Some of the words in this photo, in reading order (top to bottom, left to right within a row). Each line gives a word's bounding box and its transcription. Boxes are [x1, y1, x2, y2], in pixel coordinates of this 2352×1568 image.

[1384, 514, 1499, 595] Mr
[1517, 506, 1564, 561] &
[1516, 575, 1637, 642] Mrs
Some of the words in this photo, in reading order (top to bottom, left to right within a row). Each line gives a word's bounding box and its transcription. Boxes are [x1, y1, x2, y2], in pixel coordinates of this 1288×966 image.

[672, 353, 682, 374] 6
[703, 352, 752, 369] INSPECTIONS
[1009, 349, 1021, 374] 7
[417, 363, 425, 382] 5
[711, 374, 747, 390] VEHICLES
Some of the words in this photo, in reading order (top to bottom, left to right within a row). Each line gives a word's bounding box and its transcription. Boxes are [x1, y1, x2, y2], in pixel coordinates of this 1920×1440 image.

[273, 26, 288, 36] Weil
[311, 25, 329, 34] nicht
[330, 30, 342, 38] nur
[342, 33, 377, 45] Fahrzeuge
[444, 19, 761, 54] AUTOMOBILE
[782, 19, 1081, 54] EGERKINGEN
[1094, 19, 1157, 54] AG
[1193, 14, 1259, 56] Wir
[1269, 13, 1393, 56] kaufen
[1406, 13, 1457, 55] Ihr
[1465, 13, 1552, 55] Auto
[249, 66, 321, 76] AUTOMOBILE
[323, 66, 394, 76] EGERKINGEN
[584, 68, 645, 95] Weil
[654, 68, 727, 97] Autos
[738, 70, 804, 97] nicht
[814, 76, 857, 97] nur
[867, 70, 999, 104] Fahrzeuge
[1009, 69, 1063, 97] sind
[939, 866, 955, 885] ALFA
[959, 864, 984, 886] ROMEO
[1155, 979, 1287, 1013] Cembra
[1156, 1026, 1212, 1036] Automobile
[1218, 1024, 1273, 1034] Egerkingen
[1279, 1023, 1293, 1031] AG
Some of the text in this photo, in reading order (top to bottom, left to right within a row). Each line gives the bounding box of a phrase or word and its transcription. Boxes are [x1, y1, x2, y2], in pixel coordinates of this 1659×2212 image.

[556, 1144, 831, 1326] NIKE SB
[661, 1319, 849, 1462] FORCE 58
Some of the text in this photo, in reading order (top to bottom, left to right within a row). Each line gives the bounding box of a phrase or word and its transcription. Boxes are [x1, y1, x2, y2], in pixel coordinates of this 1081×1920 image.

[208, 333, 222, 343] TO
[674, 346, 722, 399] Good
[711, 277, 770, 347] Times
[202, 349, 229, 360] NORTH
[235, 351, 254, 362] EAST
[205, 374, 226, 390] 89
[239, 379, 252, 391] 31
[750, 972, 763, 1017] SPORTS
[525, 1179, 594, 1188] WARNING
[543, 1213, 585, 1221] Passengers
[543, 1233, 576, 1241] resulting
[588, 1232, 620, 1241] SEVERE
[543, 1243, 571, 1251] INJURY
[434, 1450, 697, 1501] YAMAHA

### WHAT THIS TASK INVOLVES
Retype all of the data word for word.

### RESULT FOR THIS TASK
Some of the words in this photo, in reading order (top to bottom, left to right within a row). Each line gives a word's bounding box and its transcription. Boxes are [x1, y1, x2, y2], in pixel coordinates of this 2352×1568 image.

[1384, 514, 1499, 595] Mr
[1517, 506, 1564, 561] &
[1516, 575, 1637, 642] Mrs
Some of the words in this photo, in reading order (top to bottom, left to right within a row). Each line gives a word's bounding box and its transcription. Boxes are [x1, y1, x2, y2], in pixel coordinates of this 1288×966 image.

[672, 353, 682, 374] 6
[703, 352, 752, 369] INSPECTIONS
[1009, 349, 1021, 374] 7
[417, 363, 425, 382] 5
[711, 374, 747, 390] VEHICLES
Some of the words in this photo, in reading order (top to bottom, left to right within a row). Each line gives a word's bounding box and its transcription. Boxes are [x1, y1, x2, y2], in pixel coordinates of this 1920×1440 image.

[273, 26, 288, 36] Weil
[311, 25, 329, 34] nicht
[330, 30, 342, 38] nur
[342, 33, 377, 45] Fahrzeuge
[444, 19, 761, 54] AUTOMOBILE
[782, 19, 1081, 54] EGERKINGEN
[1094, 19, 1157, 54] AG
[1193, 14, 1259, 56] Wir
[1269, 13, 1393, 56] kaufen
[1406, 13, 1457, 55] Ihr
[1465, 13, 1552, 55] Auto
[249, 66, 321, 76] AUTOMOBILE
[323, 66, 394, 76] EGERKINGEN
[584, 68, 645, 95] Weil
[654, 68, 727, 97] Autos
[738, 70, 804, 97] nicht
[814, 76, 857, 97] nur
[867, 70, 999, 104] Fahrzeuge
[1009, 69, 1063, 97] sind
[939, 866, 955, 885] ALFA
[959, 864, 984, 886] ROMEO
[1155, 979, 1287, 1013] Cembra
[1156, 1026, 1212, 1036] Automobile
[1218, 1024, 1273, 1034] Egerkingen
[1279, 1023, 1293, 1031] AG
Some of the text in this photo, in reading order (top to bottom, left to right within a row). Each line gives the bounding box of a phrase or word and its transcription. Boxes are [x1, y1, x2, y2], in pixel coordinates of this 1659×2212 image.

[556, 1144, 831, 1326] NIKE SB
[661, 1319, 849, 1462] FORCE 58
Some of the text in this photo, in reading order (top to bottom, left to right within a row). Each line gives the bounding box of a phrase or word and its transcription. Boxes are [x1, y1, x2, y2], in pixel coordinates of this 1081×1920 image.

[208, 333, 222, 343] TO
[674, 346, 722, 399] Good
[711, 277, 770, 347] Times
[202, 349, 229, 360] NORTH
[235, 351, 254, 362] EAST
[205, 374, 226, 390] 89
[239, 379, 252, 391] 31
[750, 972, 763, 1017] SPORTS
[525, 1179, 594, 1188] WARNING
[543, 1213, 585, 1221] Passengers
[543, 1233, 576, 1241] resulting
[588, 1232, 620, 1241] SEVERE
[543, 1243, 571, 1251] INJURY
[434, 1450, 697, 1501] YAMAHA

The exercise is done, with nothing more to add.